Not even Ellen’s existing fiancee, D.A. hopeful Russell Quintin (Vincent Price, y’all), can keep Richard and Ellen from each other, and they marry soon after, in spite of Richard’s misgivings. Ellen then accompanies Richard to Georgia to be reunited with his polio-stricken younger brother Danny. Ellen and Danny get on like a house on fire, and pretty soon Danny’s walking with crutches and accompanying them to their cabin in Maine, a tactical error on Ellen’s part. You see, Ellen has a pathological desire to do everything for Richard and have all of Richard’s love and attention, and Danny’s now a direct obstacle in the way of her single-minded goal. Bring the rowboat by – it’s time to take Danny swimming.

Incidentally, exactly what I would wear to a drowning.

Incidentally, exactly what I would wear to a drowning.

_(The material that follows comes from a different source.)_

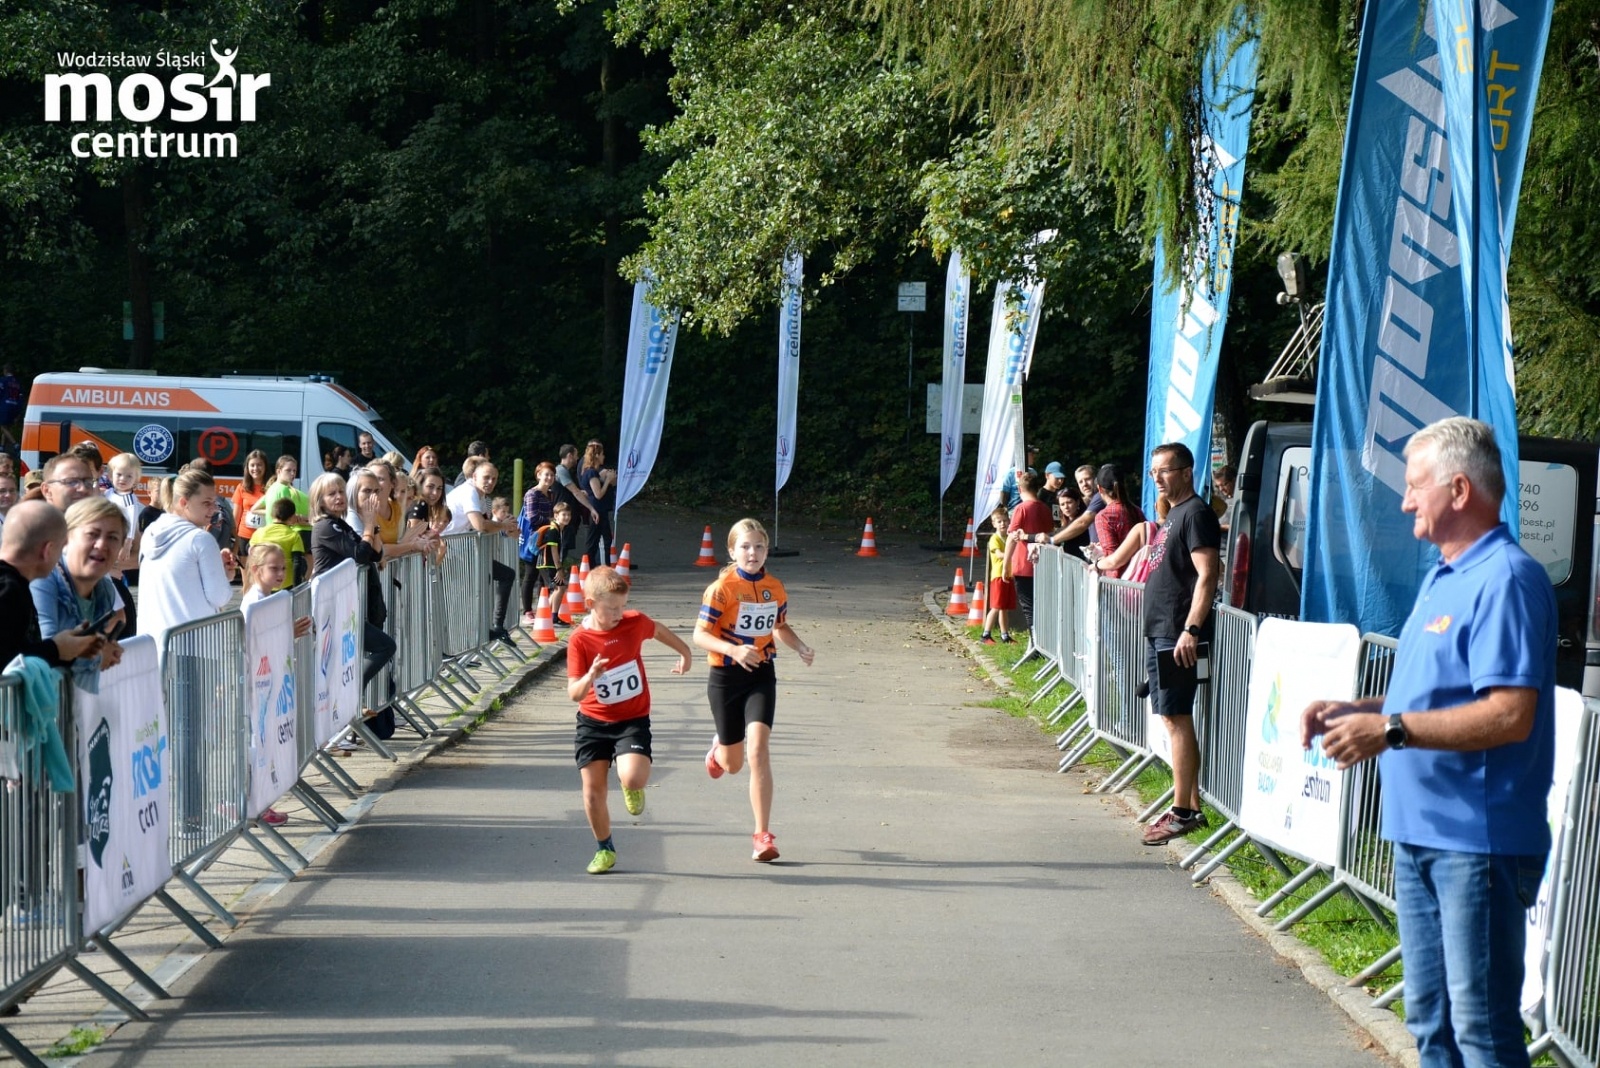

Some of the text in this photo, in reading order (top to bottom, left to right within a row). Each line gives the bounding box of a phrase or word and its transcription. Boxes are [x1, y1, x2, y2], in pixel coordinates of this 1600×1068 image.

In a scene that has aged extremely well, Ellen, in a fabulous white overcoat and oversized sunglasses, coolly encourages Danny to swim out farther to impress Richard. So long, third wheel. The lack of score and cinematographer Leon Shamroy’s gorgeous and isolating wide shots clinch the scene and make it the bruiser it is – this is the one that’ll stay in your head, even years later.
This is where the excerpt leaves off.